- WHAT YOU ARE ASKED TO DO -
Print all records exactly, pictures left out.

=== DATA SECTION ===

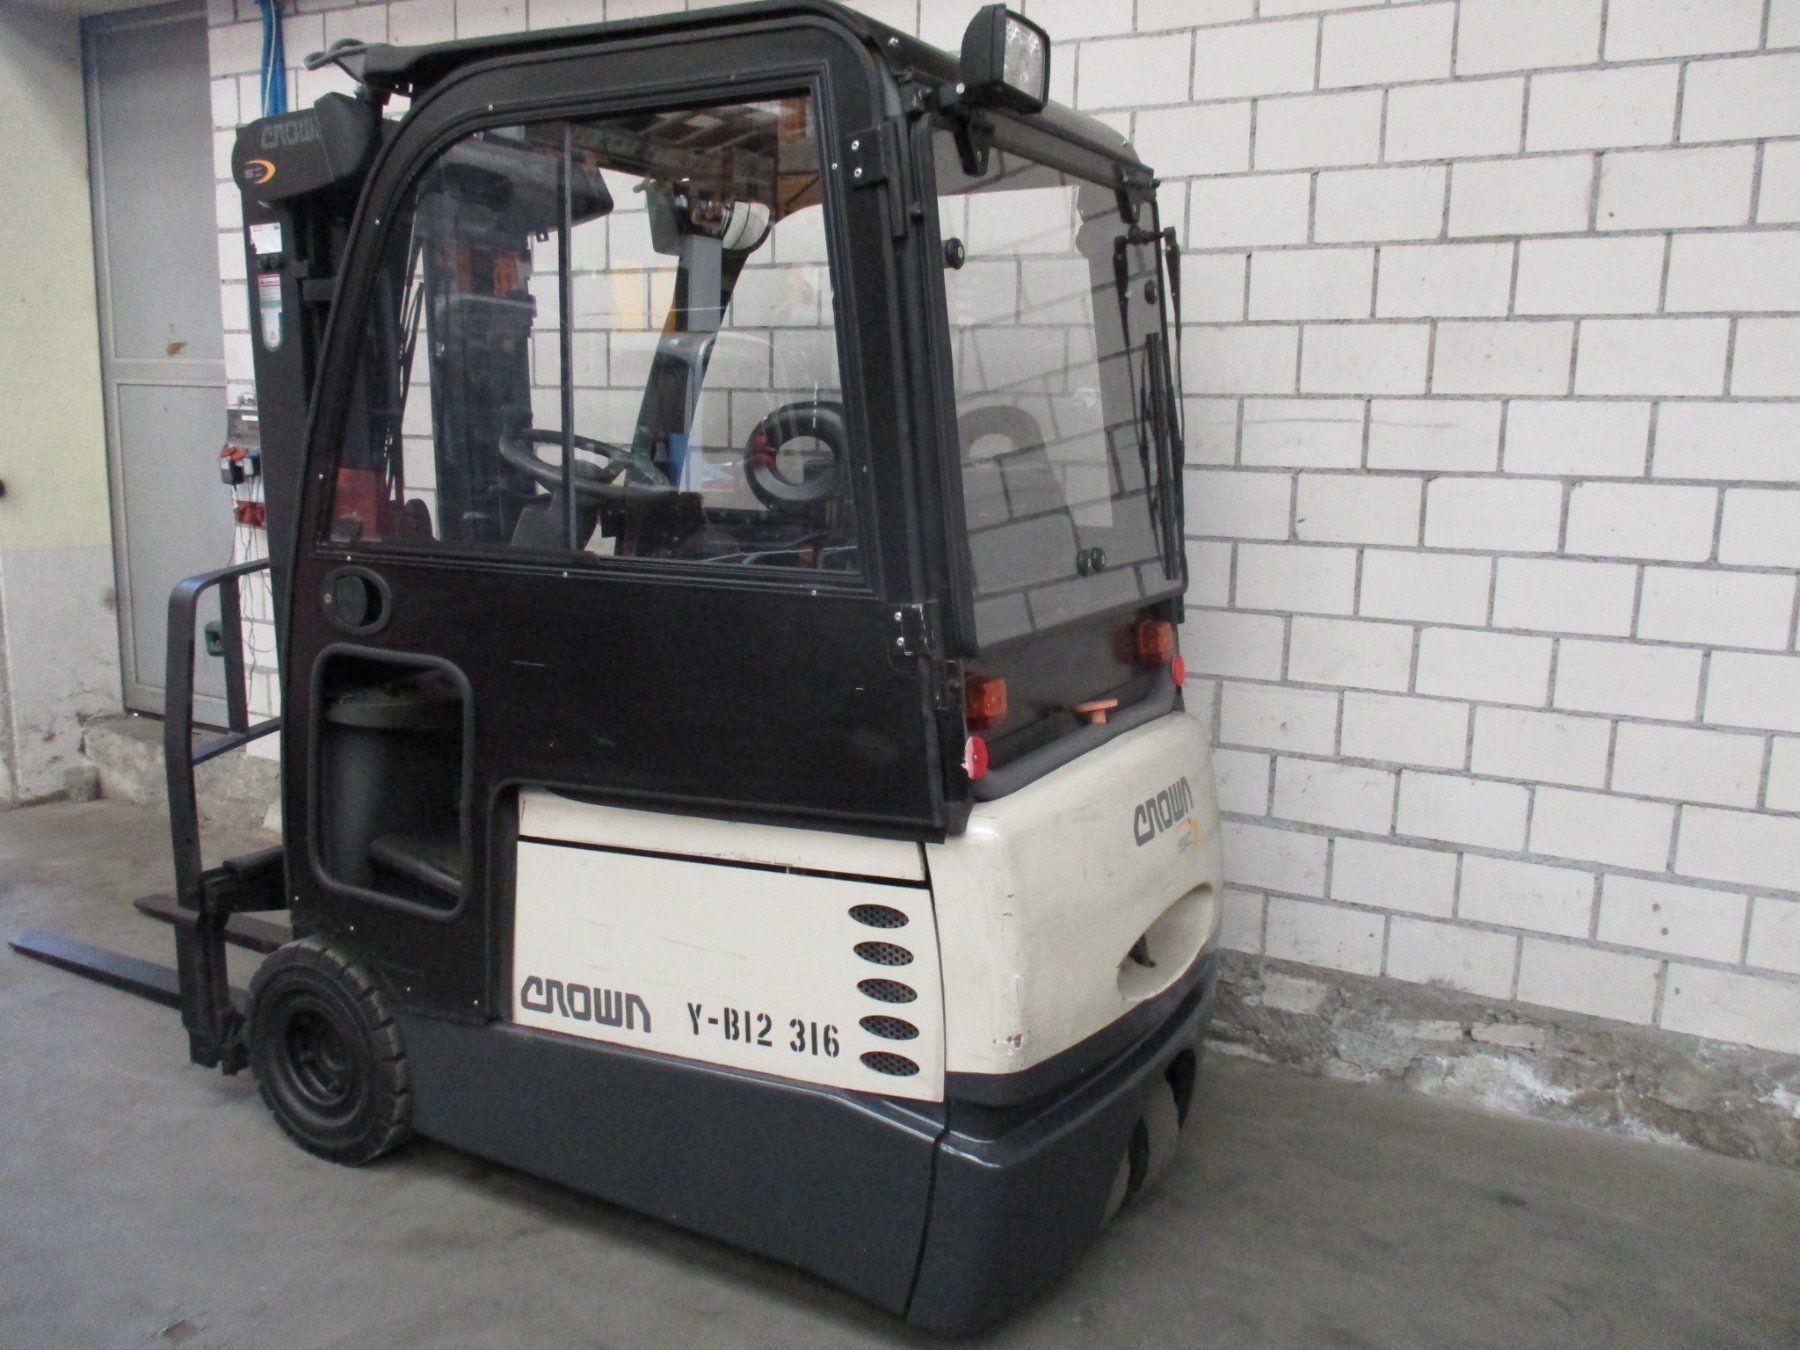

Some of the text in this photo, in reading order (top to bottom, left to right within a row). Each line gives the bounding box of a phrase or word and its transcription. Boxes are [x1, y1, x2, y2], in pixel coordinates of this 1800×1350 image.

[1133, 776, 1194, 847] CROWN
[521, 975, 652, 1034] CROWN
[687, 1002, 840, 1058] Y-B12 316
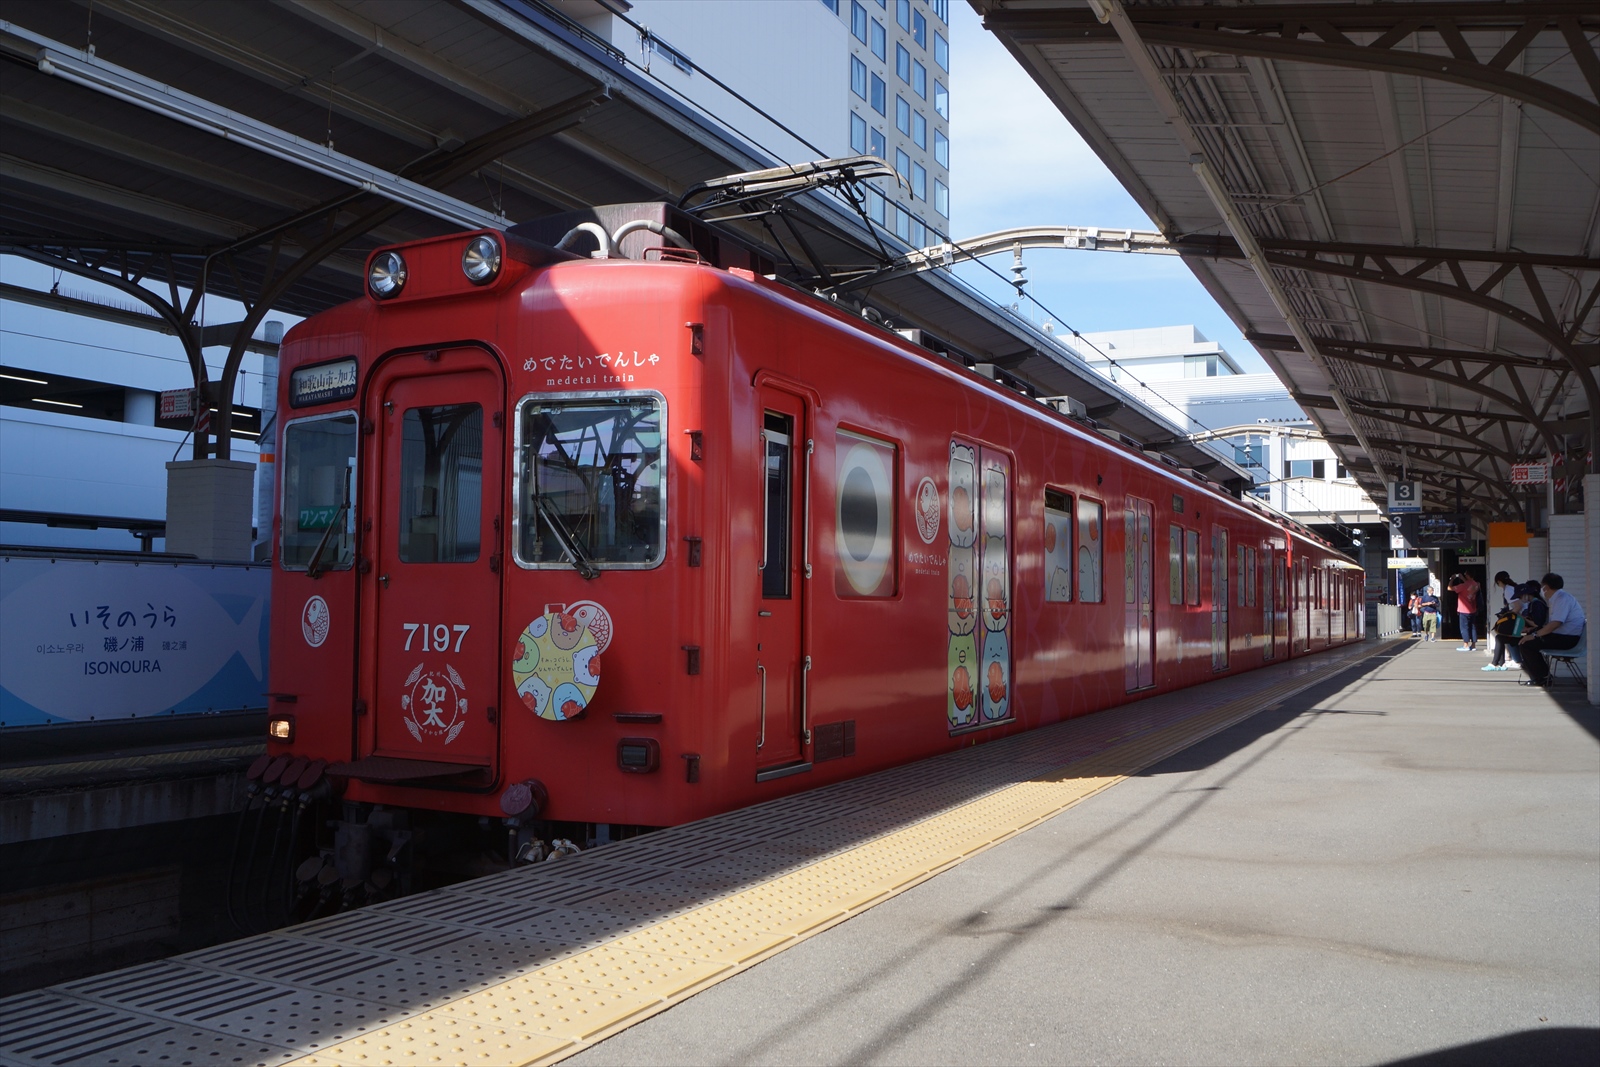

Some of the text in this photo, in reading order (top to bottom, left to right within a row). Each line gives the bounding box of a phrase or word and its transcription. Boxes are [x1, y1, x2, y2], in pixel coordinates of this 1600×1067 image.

===

- OUTPUT -
Some of the text in this photo, in reading order (top to bottom, left to right within a row). Each line gives the bounding box of a phrase or word and its transcription. Boxes are [x1, y1, x2, y2], in pixel coordinates of this 1800×1350 image.

[1133, 776, 1194, 847] CROWN
[521, 975, 652, 1034] CROWN
[687, 1002, 840, 1058] Y-B12 316

Some of the text in this photo, in reading order (top to bottom, left to right within a row). Each line gives the bounding box of a phrase or word and its transcription. Boxes are [x1, y1, x2, y2], in pixel coordinates of this 1600×1067 image.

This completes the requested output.